> _Action item_
Everything from the line containing "this 2352×1568 image." through the end of the data below should be copied exactly, with no other lines.

> _Provided data_

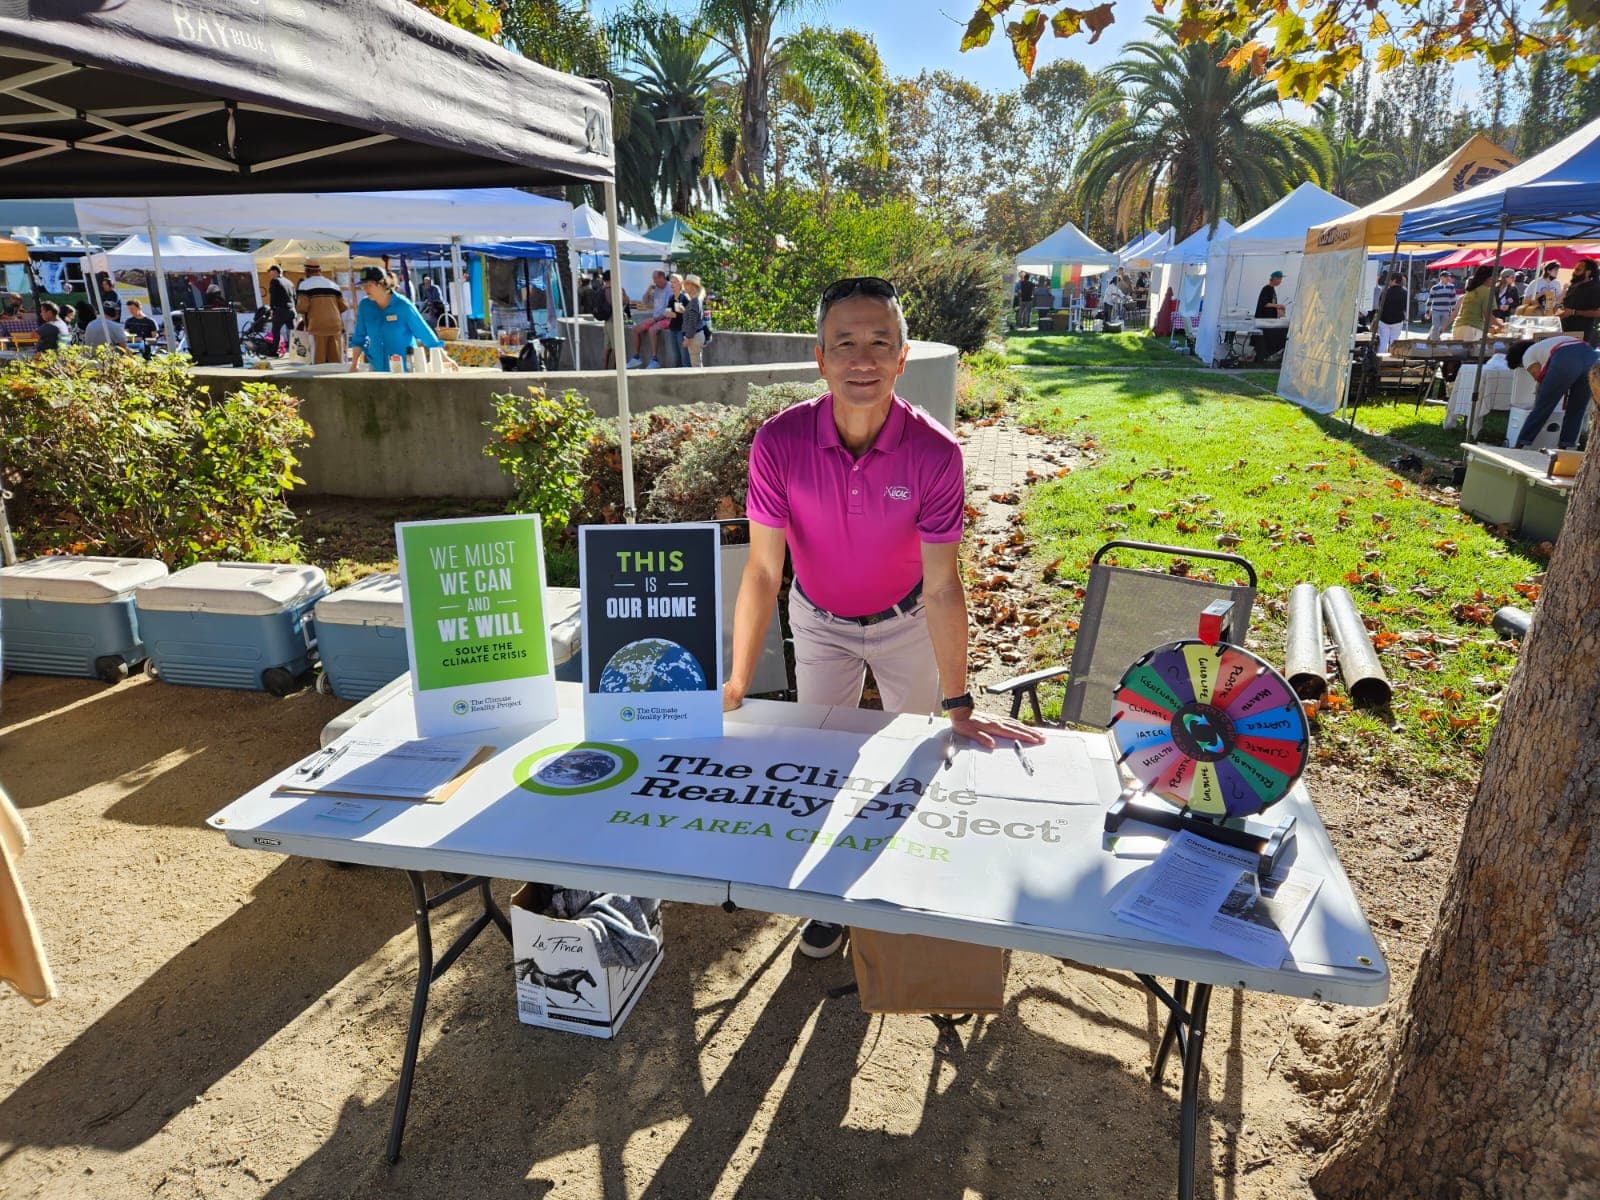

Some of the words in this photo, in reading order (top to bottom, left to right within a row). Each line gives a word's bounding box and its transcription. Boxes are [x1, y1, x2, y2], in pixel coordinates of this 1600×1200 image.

[172, 4, 230, 48] BAY
[429, 545, 459, 570] WE
[464, 541, 516, 567] MUST
[616, 551, 684, 572] THIS
[440, 571, 470, 595] WE
[474, 568, 512, 593] CAN
[645, 577, 657, 592] IS
[467, 597, 491, 612] AND
[606, 597, 642, 618] OUR
[647, 596, 697, 617] HOME
[437, 617, 470, 642] WE
[474, 612, 523, 638] WILL
[442, 654, 490, 667] CLIMATE
[492, 650, 527, 660] CRISIS
[455, 644, 490, 656] SOLVE
[493, 642, 513, 651] THE
[662, 713, 688, 721] Project
[1129, 703, 1168, 721] CLIMATE
[657, 754, 753, 779] The
[765, 763, 979, 806] Climate
[630, 776, 834, 817] Reality
[844, 796, 1062, 844] Project
[606, 810, 681, 828] BAY
[681, 817, 774, 838] AREA
[785, 828, 951, 862] CHAPTER
[532, 934, 545, 950] La
[547, 936, 584, 954] Finca
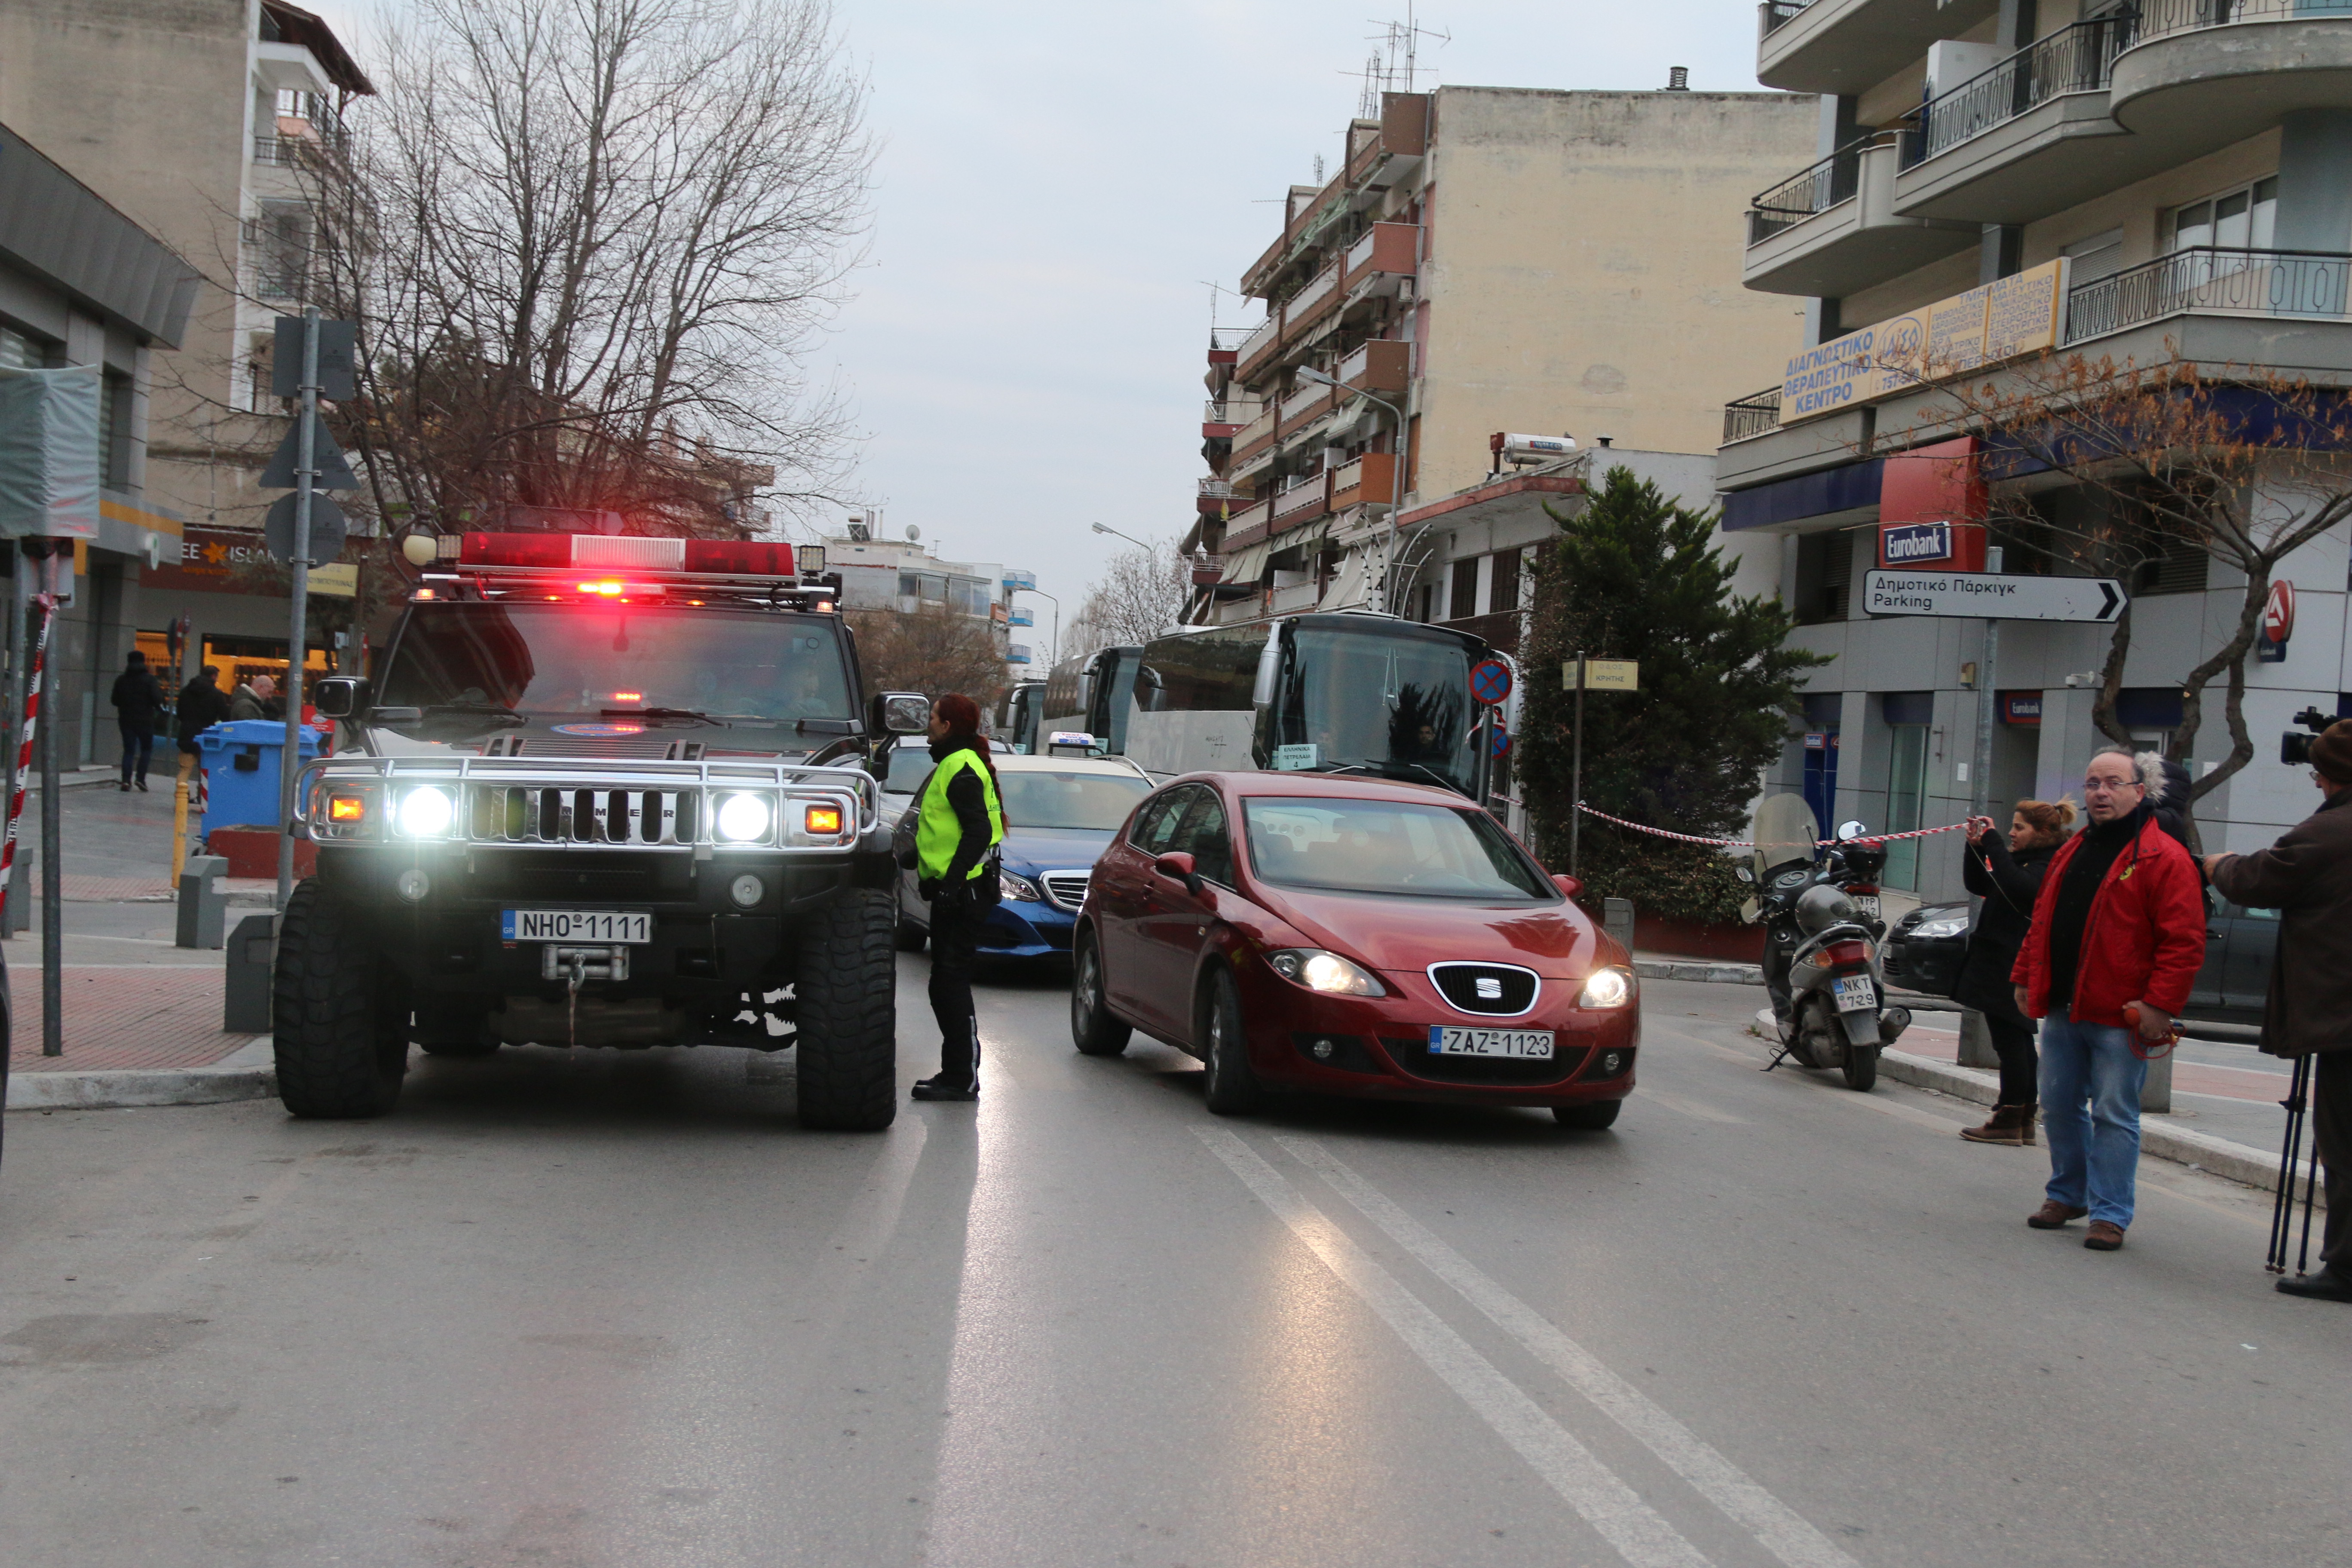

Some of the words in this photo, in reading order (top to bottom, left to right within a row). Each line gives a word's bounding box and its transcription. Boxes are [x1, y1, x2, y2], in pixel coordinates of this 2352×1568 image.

[1992, 275, 2053, 302] ΜΑΙΕΥΤΙΚΟ
[1989, 305, 2049, 331] ΣΤΕΙΡΟΤΗΤΑ
[1785, 331, 1873, 377] ΔΙΑΓΝΩΣΤΙΚΟ
[1785, 354, 1871, 398] ΘΕΡΑΠΕΥΤΙΚΟ
[1795, 382, 1853, 414] ΚΕΝΤΡΟ
[1887, 527, 1941, 558] Eurobank
[1875, 576, 1947, 594] Δημοτικό
[1953, 579, 2016, 597] Πάρκιγκ
[1874, 593, 1932, 611] Parking
[523, 913, 645, 940] NHO-1111
[1842, 978, 1869, 992] NKT
[1847, 993, 1874, 1008] 729
[1448, 1030, 1550, 1056] ZAZ-1123

> _Task response_
Some of the words in this photo, in reading order (top to bottom, left to right within a row). Each line gives a word's bounding box and its transcription. Boxes are [x1, y1, x2, y2], in pixel coordinates of this 2352×1568 image.

[1992, 275, 2053, 302] ΜΑΙΕΥΤΙΚΟ
[1989, 305, 2049, 331] ΣΤΕΙΡΟΤΗΤΑ
[1785, 331, 1873, 377] ΔΙΑΓΝΩΣΤΙΚΟ
[1785, 354, 1871, 398] ΘΕΡΑΠΕΥΤΙΚΟ
[1795, 382, 1853, 414] ΚΕΝΤΡΟ
[1887, 527, 1941, 558] Eurobank
[1875, 576, 1947, 594] Δημοτικό
[1953, 579, 2016, 597] Πάρκιγκ
[1874, 593, 1932, 611] Parking
[523, 913, 645, 940] NHO-1111
[1842, 978, 1869, 992] NKT
[1847, 993, 1874, 1008] 729
[1448, 1030, 1550, 1056] ZAZ-1123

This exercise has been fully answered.